> WORK INSTRUCTION: Omit the images and output every line of the data below exactly.

> GIVEN ENTRIES:
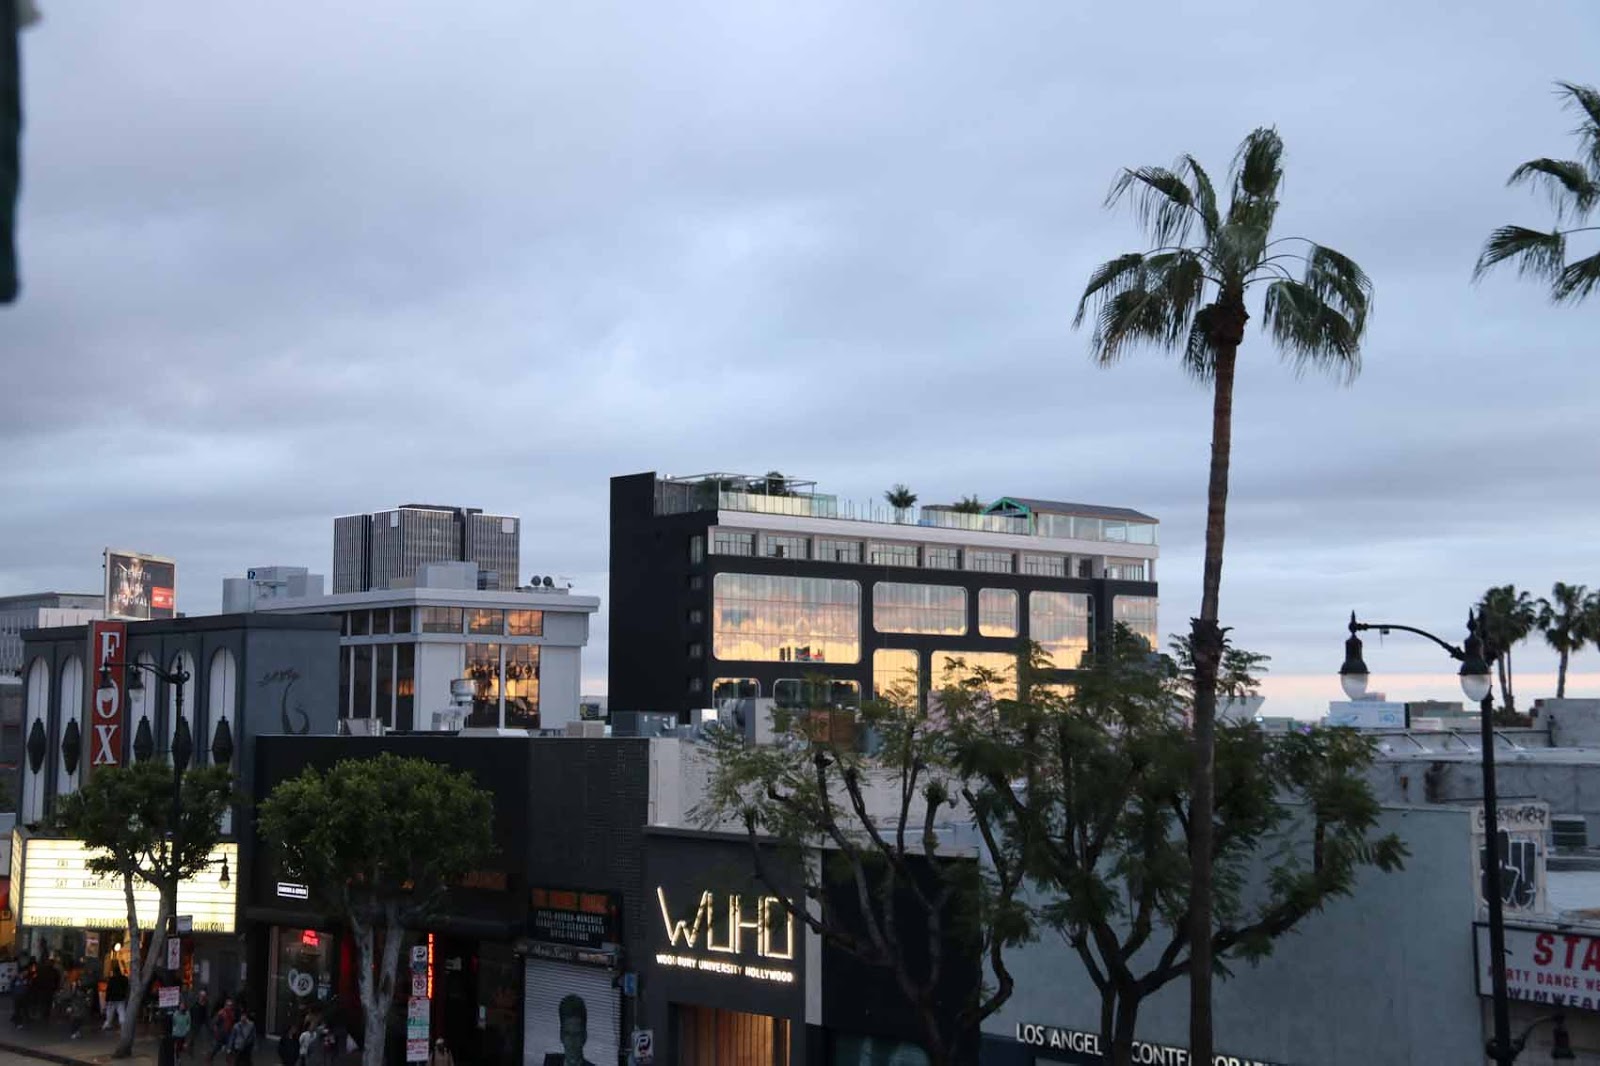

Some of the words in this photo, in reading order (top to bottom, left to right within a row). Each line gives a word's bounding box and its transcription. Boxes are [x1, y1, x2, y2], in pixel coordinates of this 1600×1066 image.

[93, 632, 121, 766] FOX
[1534, 932, 1600, 973] STA
[656, 954, 698, 970] WOODBURY
[699, 959, 743, 977] UNIVERSITY
[744, 966, 794, 984] HOLLYWOOD
[1536, 971, 1580, 988] DANCE
[1016, 1022, 1044, 1046] LOS

> THE ANSWER:
Some of the words in this photo, in reading order (top to bottom, left to right within a row). Each line gives a word's bounding box and its transcription. Boxes are [x1, y1, x2, y2], in pixel coordinates of this 1600×1066 image.

[93, 632, 121, 766] FOX
[1534, 932, 1600, 973] STA
[656, 954, 698, 970] WOODBURY
[699, 959, 743, 977] UNIVERSITY
[744, 966, 794, 984] HOLLYWOOD
[1536, 971, 1580, 988] DANCE
[1016, 1022, 1044, 1046] LOS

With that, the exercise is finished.